Predicting Ecological Roles in the Rhizosphere Using Metabolome and Transportome Modeling.

Peter Larsen, Frank Collart and Yang Dai
PLoS ONE (2015) 10 (9), e0132837. DOI: 10.1371/journal.pone.0132837. PMID: 26332409.
Link to PubMed.

The ability to obtain complete genome sequences from bacteria in environmental samples, such as soil samples from the rhizosphere, has highlighted the microbial diversity and complexity of environmental communities. However, new algorithms to analyze genome sequence information in the context of community structure are needed to enhance our understanding of the specific ecological roles of these organisms in soil environments. We present a machine learning approach using sequenced Pseudomonad genomes coupled with outputs of metabolic and transportomic computational models for identifying the most predictive molecular mechanisms indicative of a Pseudomonad’s ecological role in the rhizosphere: a biofilm, biocontrol agent, promoter of plant growth, or plant pathogen. Computational predictions of ecological niche were highly accurate overall with models trained on transportomic model output being the most accurate (Leave One Out Validation F-scores between 0.82 and 0.89). The strongest predictive molecular mechanism features for rhizosphere ecological niche overlap with many previously reported analyses of Pseudomonad interactions in the rhizosphere, suggesting that this approach successfully informs a system-scale level understanding of how Pseudomonads sense and interact with their environments. The observation that an organism’s transportome is highly predictive of its ecological niche is a novel discovery and may have implications in our understanding microbial ecology. The framework developed here can be generalized to the analysis of any bacteria across a wide range of environments and ecological niches making this approach a powerful tool for providing insights into functional predictions from bacterial genomic data.

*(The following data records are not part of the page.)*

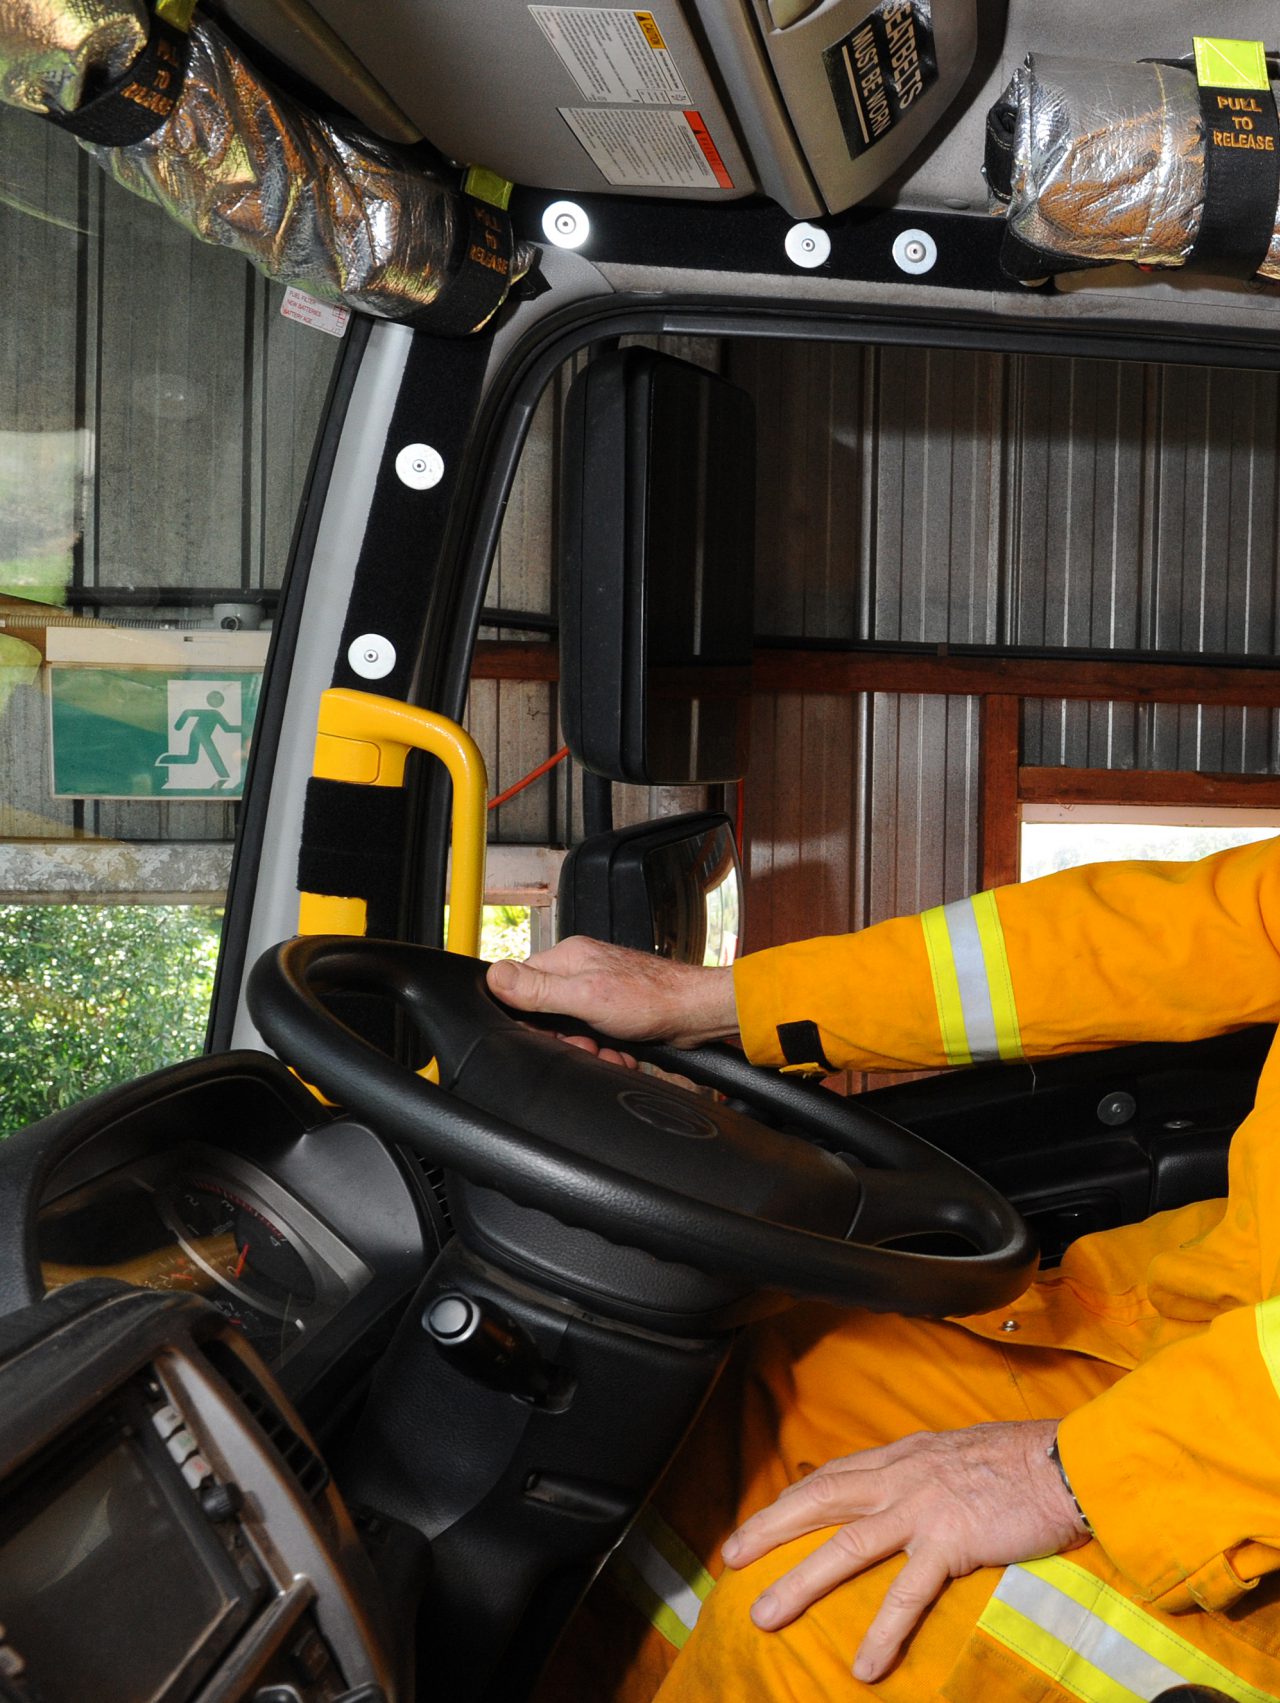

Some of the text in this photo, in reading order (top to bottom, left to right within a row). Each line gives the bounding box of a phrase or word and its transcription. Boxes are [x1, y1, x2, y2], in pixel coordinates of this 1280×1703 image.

[883, 0, 923, 109] SEATBELTS
[852, 24, 891, 136] MUST BE WORN
[1217, 96, 1262, 112] PULL
[1232, 116, 1253, 130] TO
[1213, 130, 1275, 151] RELEASE

Using metabolomic and transportomic modeling and machine learning to identify putative novel therapeutic targets for antibiotic resistant Pseudomonad infections

Peter Larsen, Frank Collart and Yang Dai
Proc. of the Annual International Conference of the IEEE (2014) pp.314-317. doi: 10.1109/EMBC.2014.6943592. PMID: 25569960.
Link to IEEE Explore.

Hospital acquired infections sicken or kill tens of thousands of patients every year. These infections are difficult to treat due to a growing prevalence of resistance to many antibiotics. Among these hospital acquired infections, bacteria of the genus Pseudomonas are among the most common opportunistic pathogens. Computational methods for predicting potential novel antimicrobial therapies for hospital acquired Pseudomonad infections, as well as other hospital acquired infectious pathogens, are desperately needed. Using data generated from sequenced Pseudomonad genomes and metabolomic and transportomic computational approaches developed in our laboratory, we present a support vector machine learning method for identifying the most predictive molecular mechanisms that distinguish pathogenic from non-pathogenic Pseudomonads. Predictions were highly accurate, yielding F-scores between 0.84 and 0.98 in leave one out cross validations. These mechanisms are high-value targets for the development of new antimicrobial therapies.

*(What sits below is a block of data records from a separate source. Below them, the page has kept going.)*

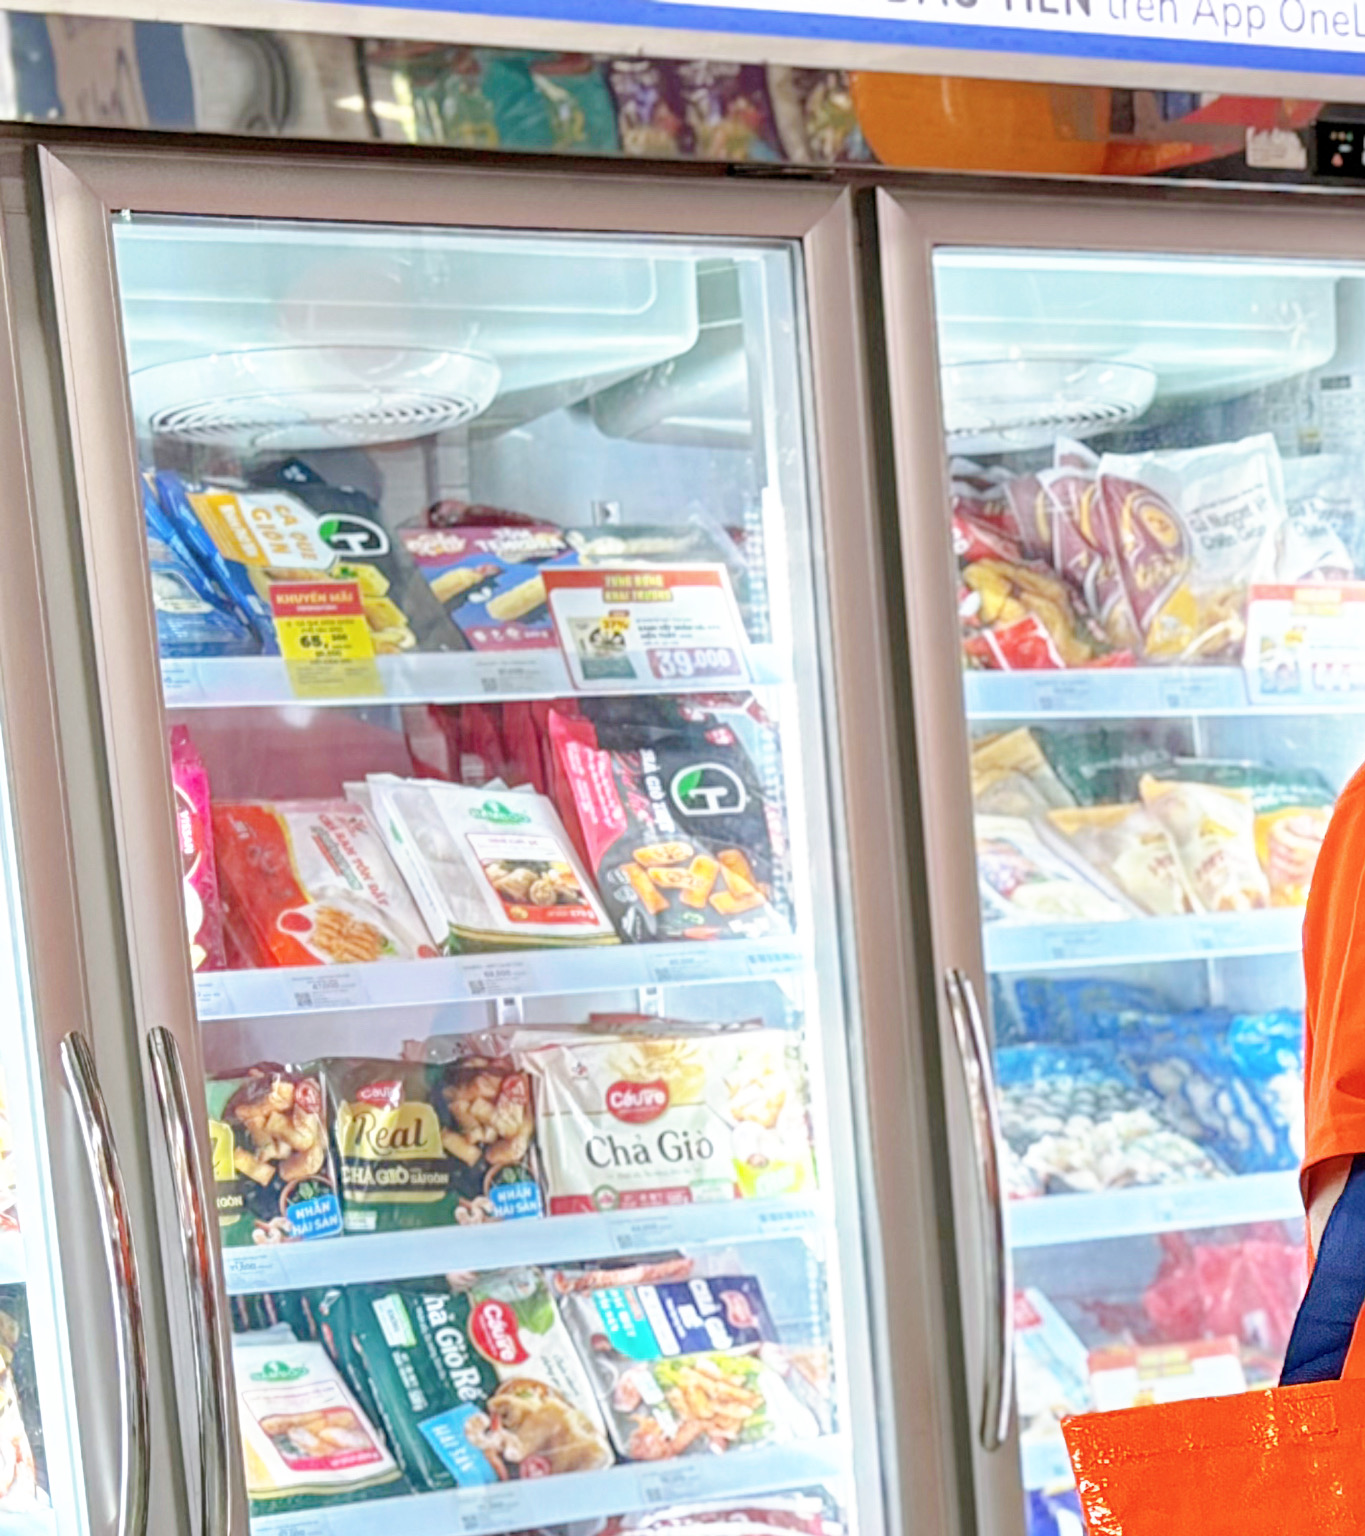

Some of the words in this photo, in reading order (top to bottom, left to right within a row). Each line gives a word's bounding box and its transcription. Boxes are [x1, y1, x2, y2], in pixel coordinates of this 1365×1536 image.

[1194, 0, 1266, 38] App
[354, 1110, 428, 1157] Real
[584, 1129, 652, 1168] Chả
[657, 1129, 714, 1161] Giò
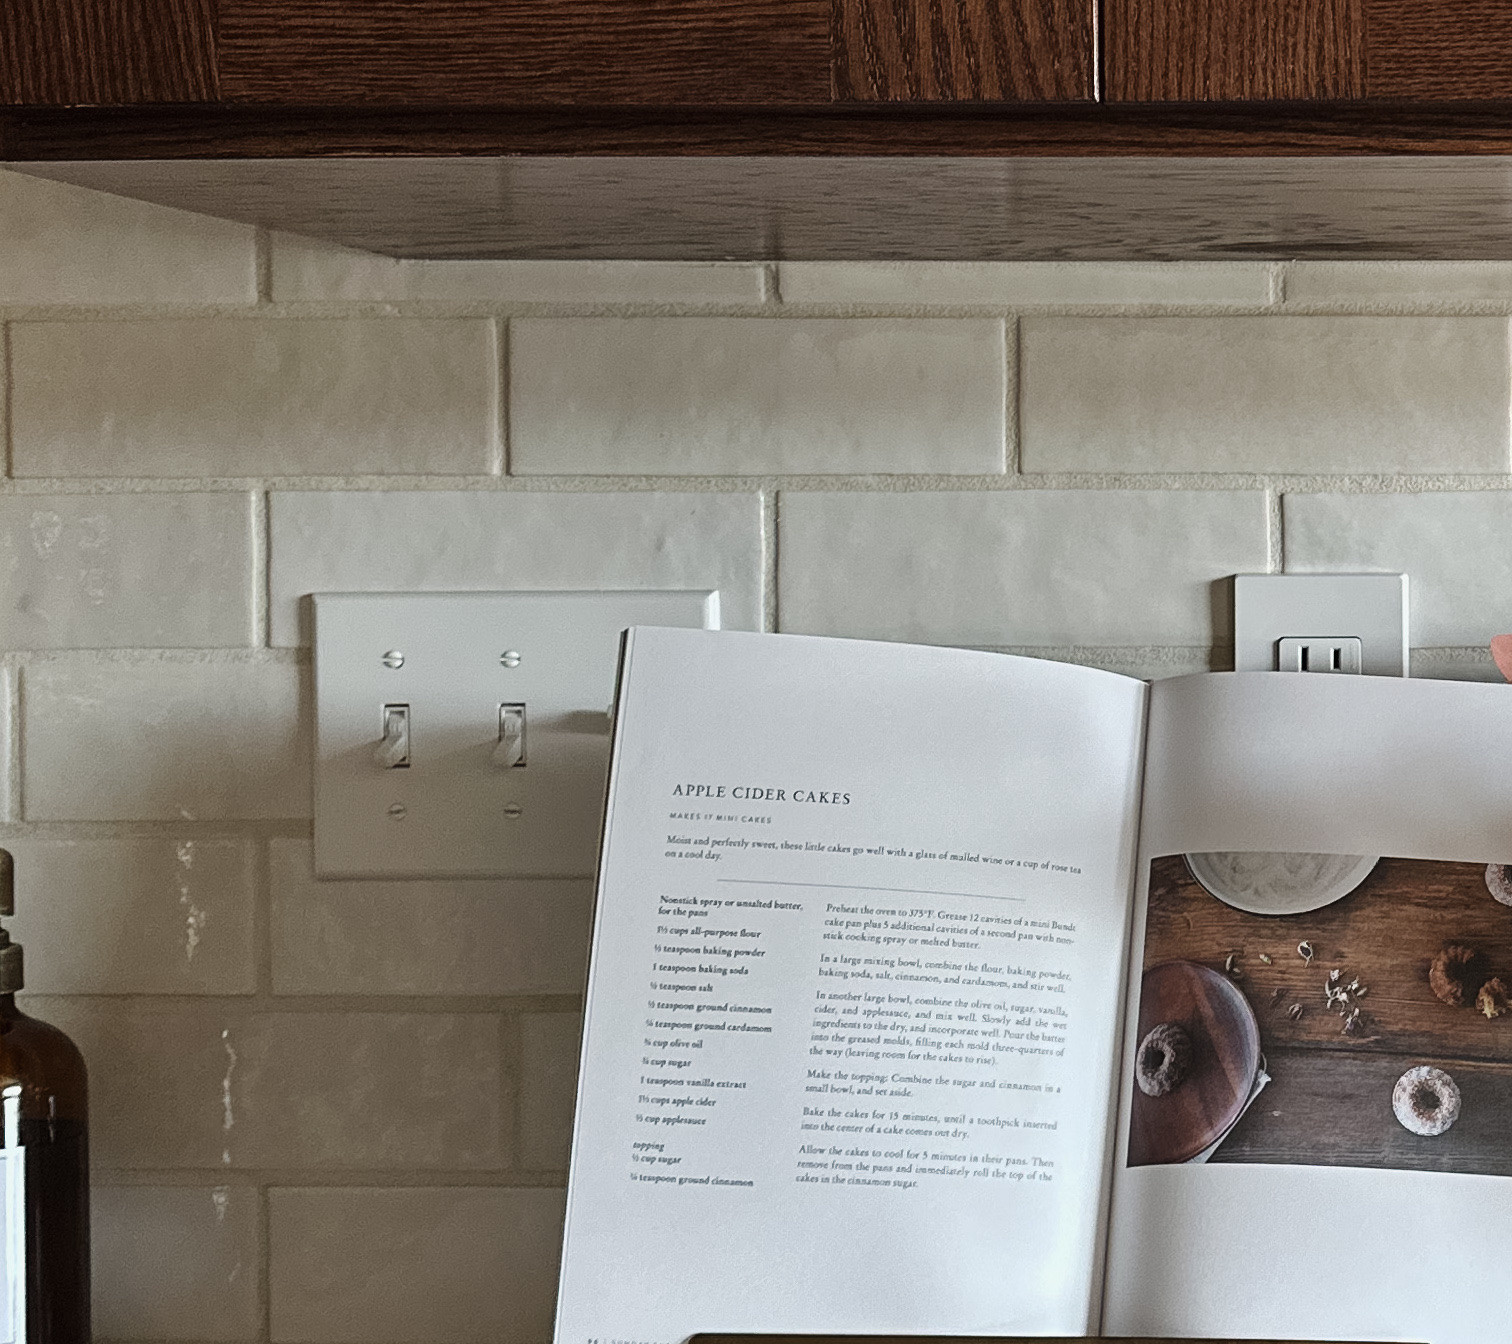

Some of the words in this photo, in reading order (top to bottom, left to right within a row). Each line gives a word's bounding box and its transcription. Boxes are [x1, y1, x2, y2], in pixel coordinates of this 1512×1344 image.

[672, 783, 727, 798] APPLE
[732, 786, 787, 801] CIDER
[792, 789, 851, 805] CAKES
[669, 812, 702, 821] MAKES
[741, 815, 773, 825] CAKES
[667, 835, 691, 845] Moist
[693, 836, 710, 845] and
[711, 837, 750, 849] perfectly
[780, 840, 803, 850] these
[805, 841, 825, 851] little
[827, 843, 851, 853] cakes
[852, 847, 864, 856] go
[866, 846, 885, 855] well
[886, 848, 907, 857] with
[938, 851, 948, 860] of
[950, 853, 980, 863] mulled
[982, 856, 1002, 865] wine
[1023, 862, 1038, 871] cup
[1040, 861, 1051, 870] of
[1070, 865, 1082, 873] tea
[684, 850, 703, 859] cool
[705, 851, 722, 862] day.
[660, 895, 698, 905] Nonstick
[700, 899, 723, 908] spray
[736, 899, 773, 908] unsalted
[658, 906, 671, 915] for
[673, 907, 687, 916] the
[688, 910, 709, 918] pans
[826, 904, 859, 914] Preheat
[860, 906, 874, 915] the
[898, 909, 907, 917] to
[937, 910, 967, 921] Grease
[970, 913, 979, 922] 12
[980, 916, 1012, 925] cavities
[1013, 917, 1023, 926] of
[1030, 920, 1050, 928] mini
[669, 928, 689, 937] cups
[690, 926, 738, 939] all-purpose
[740, 928, 762, 938] flour
[824, 917, 844, 927] cake
[845, 921, 862, 929] pan
[863, 919, 882, 930] plus
[890, 921, 935, 932] additional
[936, 925, 968, 934] cavities
[969, 926, 979, 935] of
[987, 930, 1016, 938] second
[1017, 933, 1033, 941] pan
[1035, 933, 1054, 942] with
[822, 931, 844, 940] stick
[845, 932, 881, 944] cooking
[882, 936, 907, 946] spray
[920, 936, 950, 946] melted
[663, 945, 700, 956] teaspoon
[702, 945, 732, 958] baking
[734, 947, 766, 958] powder
[659, 963, 697, 974] teaspoon
[698, 964, 728, 976] baking
[729, 965, 749, 974] soda
[820, 954, 830, 963] In
[840, 954, 861, 966] large
[864, 957, 895, 968] mixing
[924, 960, 962, 970] combine
[964, 963, 979, 972] the
[1006, 966, 1036, 979] baking
[818, 967, 848, 979] baking
[943, 975, 960, 984] and
[1012, 980, 1028, 989] and
[659, 982, 697, 993] teaspoon
[657, 1001, 694, 1012] teaspoon
[696, 1003, 728, 1013] ground
[729, 1004, 772, 1014] cinnamon
[655, 1019, 692, 1030] teaspoon
[694, 1021, 726, 1031] ground
[727, 1022, 772, 1032] cardamom
[652, 1041, 668, 1049] cup
[669, 1039, 690, 1048] olive
[692, 1040, 703, 1049] oil
[650, 1059, 666, 1068] cup
[668, 1060, 692, 1069] sugar
[646, 1077, 684, 1088] teaspoon
[686, 1078, 715, 1087] vanilla
[716, 1080, 746, 1088] extract
[650, 1098, 670, 1107] cups
[672, 1096, 693, 1107] apple
[695, 1097, 716, 1106] cider
[644, 1117, 660, 1125] cup
[662, 1115, 706, 1126] applesauce
[632, 1141, 665, 1152] topping
[640, 1156, 656, 1165] cup
[658, 1157, 682, 1166] sugar
[799, 1145, 826, 1154] Allow
[828, 1146, 843, 1155] the
[845, 1147, 869, 1156] cakes
[872, 1149, 881, 1157] to
[884, 1149, 904, 1158] cool
[906, 1150, 919, 1159] for
[931, 1152, 967, 1162] minutes
[969, 1154, 979, 1162] in
[981, 1154, 1003, 1164] their
[639, 1173, 676, 1184] teaspoon
[678, 1175, 710, 1185] ground
[711, 1177, 753, 1186] cinnamon
[795, 1173, 819, 1183] cakes
[821, 1175, 830, 1183] in
[832, 1175, 845, 1184] the

Prediction Bacterial Community Assemblages using an Artificial Neural Network Approach

Peter Larsen, Yang Dai and Frank Collart
in Methods Mol Biol., Springer, (2015) 1260:33-43. doi: 10.1007/978-1-4939-2239-0_3. PMID: 25502374.
Link to PubMed.

Microbial communities are found in nearly all environments and play a critical role in defining ecosystem service. Understanding the relationship between these microbial communities and their environment is essential for prediction of community structure, robustness, and response to ecosystem changes. Microbial Assemblage Prediction (MAP) describes microbial community structure as an artificial neural network (ANN) that models the microbial community as functions of environmental parameters and community intra-microbial interactions. MAP models can be used to predict community assemblages over a wide range of possible environmental parameters, extrapolate the results of point observations across spatial scales, and make predictions about how microbial communities may fluctuate as the result of changes in their environment.